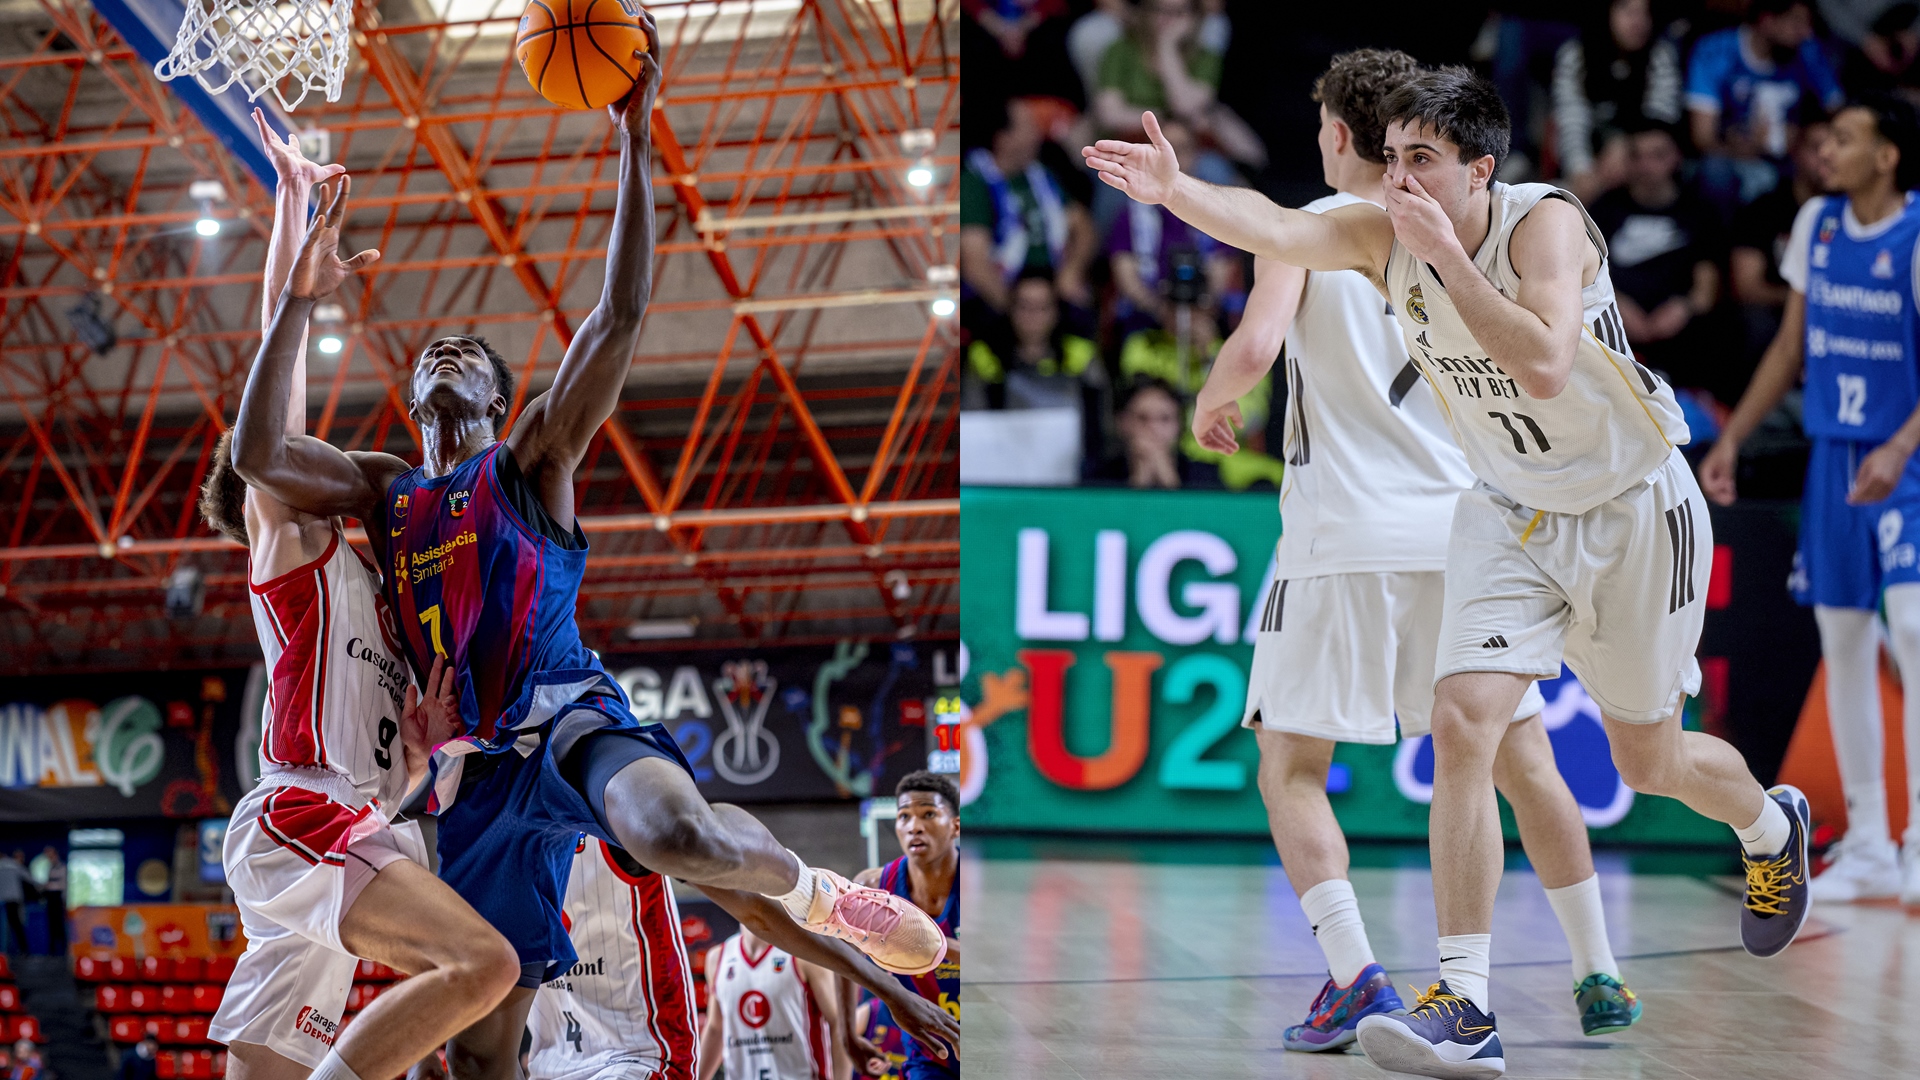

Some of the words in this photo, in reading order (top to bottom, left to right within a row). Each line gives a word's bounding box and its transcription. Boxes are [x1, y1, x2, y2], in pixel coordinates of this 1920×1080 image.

[1453, 375, 1481, 398] FLY
[1486, 377, 1519, 399] BET
[1837, 373, 1867, 426] 12
[1487, 411, 1551, 454] 11
[448, 490, 469, 501] LIGA
[412, 554, 455, 585] Sanitàra
[419, 604, 449, 660] 7
[615, 667, 713, 720] GA
[374, 716, 397, 771] 9
[1017, 649, 1247, 791] U2
[0, 703, 97, 786] NAL
[303, 1021, 334, 1046] DEPOR
[309, 1009, 338, 1033] Zarago

The task
Where a record above holds a picture, drop the picture and print the rest exactly.

Result
Some of the words in this photo, in reading order (top to bottom, left to right within a row). Each line gives a word's bounding box and its transcription. Boxes are [x1, y1, x2, y2], in pixel coordinates of this 1920×1080 image.

[1453, 375, 1481, 398] FLY
[1486, 377, 1519, 399] BET
[1837, 373, 1867, 426] 12
[1487, 411, 1551, 454] 11
[448, 490, 469, 501] LIGA
[412, 554, 455, 585] Sanitàra
[419, 604, 449, 660] 7
[615, 667, 713, 720] GA
[374, 716, 397, 771] 9
[1017, 649, 1247, 791] U2
[0, 703, 97, 786] NAL
[303, 1021, 334, 1046] DEPOR
[309, 1009, 338, 1033] Zarago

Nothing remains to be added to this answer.